A) Goals – What do you want? Make Watten House , concise, measurable, and achievable.

B) Services You Provide – you don’t want to be the “jack of most trades & master of none” – choose residential or commercial, buyers/sellers/renters, and what area(s) you need to specialize in. New residential realtors tend to have the most success with buyers/renters and move ahead to listing homes after they’ve completed several transactions.

C) Market – that are you marketing yourself to?

D) Budget – consider yourself “new agent, inc.” and jot down EVERY expense which you have – gas, groceries, cellular phone, etc… Then write down the new expenses you’re dealing with – board dues, increased gas, increased cell usage, marketing (very important), etc…

E) Funding – how will you pay for your allowance w/ no income for the initial (at least) 60 days? With the goals you’ve set on your own, when do you want to break even?

F) Marketing Plan – how will you get the word out about your services? The simplest way to market yourself is to your own sphere of influence (people you understand). Make sure you do so effectively and systematically.

2) Not Using the GREATEST Closing Team

They say the best businesspeople surround themselves with people that are smarter than themselves. It requires a pretty big team to close a transaction – Buyer’s Agent, Listing Agent, Lender, INSURANCE PROFESSIONAL, Title Officer, Inspector, Appraiser, and sometimes more! As a Real Estate Agent, you are in the position to refer your client to whoever you select, and you should ensure that anyone you refer in will undoubtedly be an asset to the transaction, not somebody who will bring you more headache. And the closing team you refer in, or “put your name to,” is there to make you shine!
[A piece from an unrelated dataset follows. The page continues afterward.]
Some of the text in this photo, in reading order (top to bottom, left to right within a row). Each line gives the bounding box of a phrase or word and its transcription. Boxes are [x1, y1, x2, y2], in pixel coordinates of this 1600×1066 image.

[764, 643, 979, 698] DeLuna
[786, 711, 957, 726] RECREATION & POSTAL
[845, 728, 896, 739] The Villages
When they perform well, you can take part of the credit because you referred them in to the transaction.

The deadliest duo on the market is the New AGENT & New Mortgage Broker. They get together and decide that, through their combined marketing efforts, they are able to take over the world! They’re both focusing on the right part of their business – marketing – but they’re doing each other no favors by choosing to give each other business. In the event that you refer in a bad insurance agent, it might result in a minor hiccup in the transaction – you create a simple phone call and a new agent can bind the property in less than an hour. However, because it normally takes at least two weeks to close a loan, if you are using an inexperienced lender, the result can be disastrous! You might find yourself ready of “begging for a contract extension,” or worse, being denied a contract extension.
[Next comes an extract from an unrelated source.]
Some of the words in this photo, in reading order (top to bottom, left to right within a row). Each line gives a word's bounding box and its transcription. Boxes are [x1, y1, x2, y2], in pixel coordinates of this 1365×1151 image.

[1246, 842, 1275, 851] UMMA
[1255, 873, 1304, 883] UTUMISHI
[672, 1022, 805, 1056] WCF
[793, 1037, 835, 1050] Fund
A good closing team will typically know more than their role in the transaction. Due to this, you can turn to them with questions, and they’ll step in (quietly) if they visit a potential mistake – because they want to assist you to, and in exchange receive more of one’s business. Using good, experienced players for the closing team can help you infinitely in conducting business worth MORE business…and best of all, it’s free!
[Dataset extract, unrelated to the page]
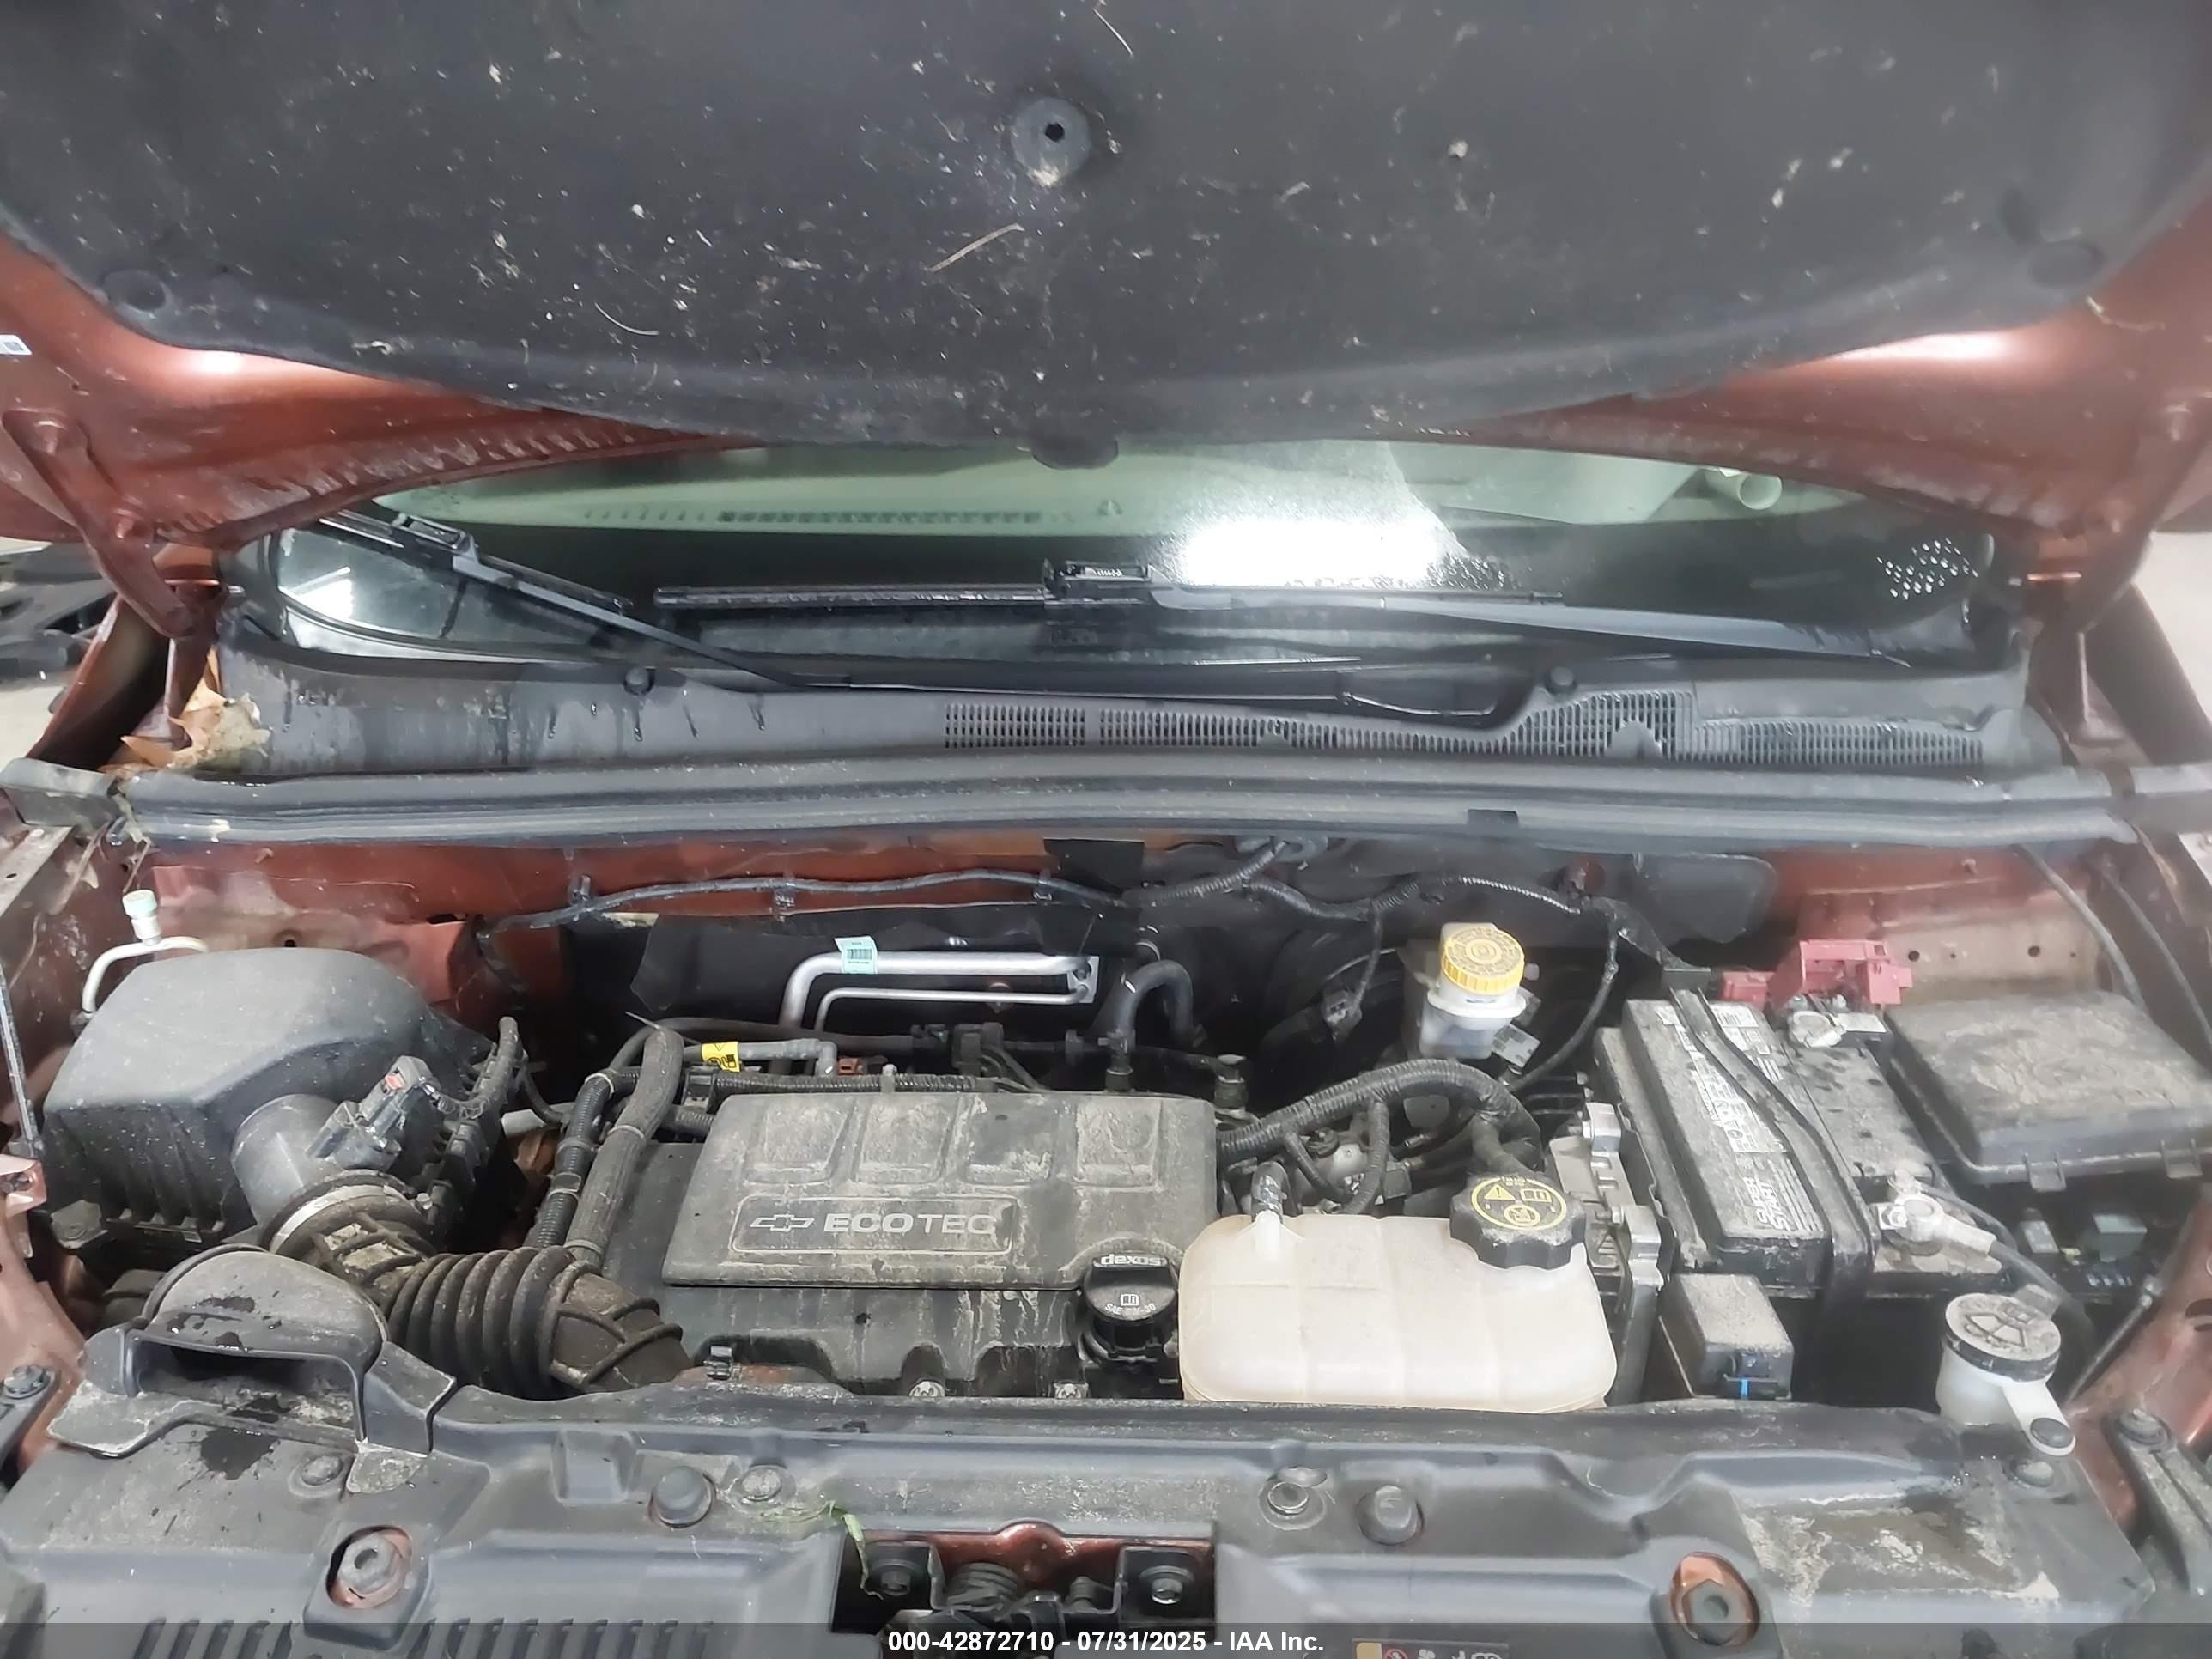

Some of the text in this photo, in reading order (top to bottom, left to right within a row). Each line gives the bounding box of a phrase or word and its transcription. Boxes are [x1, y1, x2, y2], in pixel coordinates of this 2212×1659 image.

3) Not Arming Themselves with the required Tools

Getting started as a Real Estate Agent is expensive. In Texas, the license alone is an investment which will cost between $700 and $900 (not considering the volume of time you’ll invest.) However, you’ll come across even more expenses when you go to arm yourself with the necessary tools of the trade. And do not fool yourself – they’re necessary – because your competitors are using every tool to greatly help THEM.

A) MLS Access is probably the most expensive necessity you’re going to run into. Joining your local (and state & national, by default) Board of Realtors will allow you to purchase MLS access, and in Austin, Texas, will run around $1000. However, don’t skimp in this area. Getting MLS access is probably the most important actions you can take. It’s what differentiates us from your own average salesman – we don’t sell homes, we present the homes that we have available. With MLS Access, you should have 99% of the virginia homes in your area available to present to your clients.

B) CELLULAR PHONE w/ a Beefy Plan – Nowadays, everyone has a cellular phone. But not everyone includes a plan that will facilitate the level of use that REALTORS need. Plan on getting at the very least 2000 minutes per month. You want, and need, to be available to your clients 24/7 – not only nights and weekends.